Problem to solve:
Print each entry exactly, all the way through.

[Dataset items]
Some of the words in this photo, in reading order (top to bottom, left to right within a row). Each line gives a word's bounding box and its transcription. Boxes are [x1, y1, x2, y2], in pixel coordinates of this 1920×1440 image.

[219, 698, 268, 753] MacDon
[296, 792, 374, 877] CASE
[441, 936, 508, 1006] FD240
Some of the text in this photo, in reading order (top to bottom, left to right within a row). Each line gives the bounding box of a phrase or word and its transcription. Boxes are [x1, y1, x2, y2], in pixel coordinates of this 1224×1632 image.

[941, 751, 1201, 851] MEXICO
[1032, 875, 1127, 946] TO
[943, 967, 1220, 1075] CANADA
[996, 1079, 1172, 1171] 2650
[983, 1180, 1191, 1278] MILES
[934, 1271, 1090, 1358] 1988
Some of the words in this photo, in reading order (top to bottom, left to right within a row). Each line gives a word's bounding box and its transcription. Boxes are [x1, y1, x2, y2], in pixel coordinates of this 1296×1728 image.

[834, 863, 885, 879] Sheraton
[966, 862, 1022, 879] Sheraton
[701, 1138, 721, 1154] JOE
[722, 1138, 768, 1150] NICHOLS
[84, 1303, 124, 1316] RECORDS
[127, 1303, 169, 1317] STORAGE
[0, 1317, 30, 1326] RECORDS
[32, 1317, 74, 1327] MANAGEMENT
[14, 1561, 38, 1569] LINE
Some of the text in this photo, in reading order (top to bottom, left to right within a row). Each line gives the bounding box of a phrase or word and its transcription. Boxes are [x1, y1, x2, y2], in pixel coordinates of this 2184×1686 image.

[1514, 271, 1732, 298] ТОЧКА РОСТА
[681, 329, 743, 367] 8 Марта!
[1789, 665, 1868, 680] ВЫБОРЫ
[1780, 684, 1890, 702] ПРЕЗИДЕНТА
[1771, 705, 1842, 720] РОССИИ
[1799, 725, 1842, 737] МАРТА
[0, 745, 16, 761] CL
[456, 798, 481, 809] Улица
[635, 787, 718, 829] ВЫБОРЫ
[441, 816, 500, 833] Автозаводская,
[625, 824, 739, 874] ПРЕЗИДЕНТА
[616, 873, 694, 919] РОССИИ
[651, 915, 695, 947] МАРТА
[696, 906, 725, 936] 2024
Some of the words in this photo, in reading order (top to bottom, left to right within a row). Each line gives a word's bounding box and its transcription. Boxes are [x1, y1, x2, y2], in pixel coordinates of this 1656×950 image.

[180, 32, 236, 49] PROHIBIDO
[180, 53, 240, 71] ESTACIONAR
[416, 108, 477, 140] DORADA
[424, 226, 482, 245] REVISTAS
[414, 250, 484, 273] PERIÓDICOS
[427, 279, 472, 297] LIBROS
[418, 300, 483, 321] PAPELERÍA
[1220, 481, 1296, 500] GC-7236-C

Task solution:
Some of the words in this photo, in reading order (top to bottom, left to right within a row). Each line gives a word's bounding box and its transcription. Boxes are [x1, y1, x2, y2], in pixel coordinates of this 1920×1440 image.

[219, 698, 268, 753] MacDon
[296, 792, 374, 877] CASE
[441, 936, 508, 1006] FD240
Some of the text in this photo, in reading order (top to bottom, left to right within a row). Each line gives the bounding box of a phrase or word and its transcription. Boxes are [x1, y1, x2, y2], in pixel coordinates of this 1224×1632 image.

[941, 751, 1201, 851] MEXICO
[1032, 875, 1127, 946] TO
[943, 967, 1220, 1075] CANADA
[996, 1079, 1172, 1171] 2650
[983, 1180, 1191, 1278] MILES
[934, 1271, 1090, 1358] 1988
Some of the words in this photo, in reading order (top to bottom, left to right within a row). Each line gives a word's bounding box and its transcription. Boxes are [x1, y1, x2, y2], in pixel coordinates of this 1296×1728 image.

[834, 863, 885, 879] Sheraton
[966, 862, 1022, 879] Sheraton
[701, 1138, 721, 1154] JOE
[722, 1138, 768, 1150] NICHOLS
[84, 1303, 124, 1316] RECORDS
[127, 1303, 169, 1317] STORAGE
[0, 1317, 30, 1326] RECORDS
[32, 1317, 74, 1327] MANAGEMENT
[14, 1561, 38, 1569] LINE
Some of the text in this photo, in reading order (top to bottom, left to right within a row). Each line gives the bounding box of a phrase or word and its transcription. Boxes are [x1, y1, x2, y2], in pixel coordinates of this 2184×1686 image.

[1514, 271, 1732, 298] ТОЧКА РОСТА
[681, 329, 743, 367] 8 Марта!
[1789, 665, 1868, 680] ВЫБОРЫ
[1780, 684, 1890, 702] ПРЕЗИДЕНТА
[1771, 705, 1842, 720] РОССИИ
[1799, 725, 1842, 737] МАРТА
[0, 745, 16, 761] CL
[456, 798, 481, 809] Улица
[635, 787, 718, 829] ВЫБОРЫ
[441, 816, 500, 833] Автозаводская,
[625, 824, 739, 874] ПРЕЗИДЕНТА
[616, 873, 694, 919] РОССИИ
[651, 915, 695, 947] МАРТА
[696, 906, 725, 936] 2024
Some of the words in this photo, in reading order (top to bottom, left to right within a row). Each line gives a word's bounding box and its transcription. Boxes are [x1, y1, x2, y2], in pixel coordinates of this 1656×950 image.

[180, 32, 236, 49] PROHIBIDO
[180, 53, 240, 71] ESTACIONAR
[416, 108, 477, 140] DORADA
[424, 226, 482, 245] REVISTAS
[414, 250, 484, 273] PERIÓDICOS
[427, 279, 472, 297] LIBROS
[418, 300, 483, 321] PAPELERÍA
[1220, 481, 1296, 500] GC-7236-C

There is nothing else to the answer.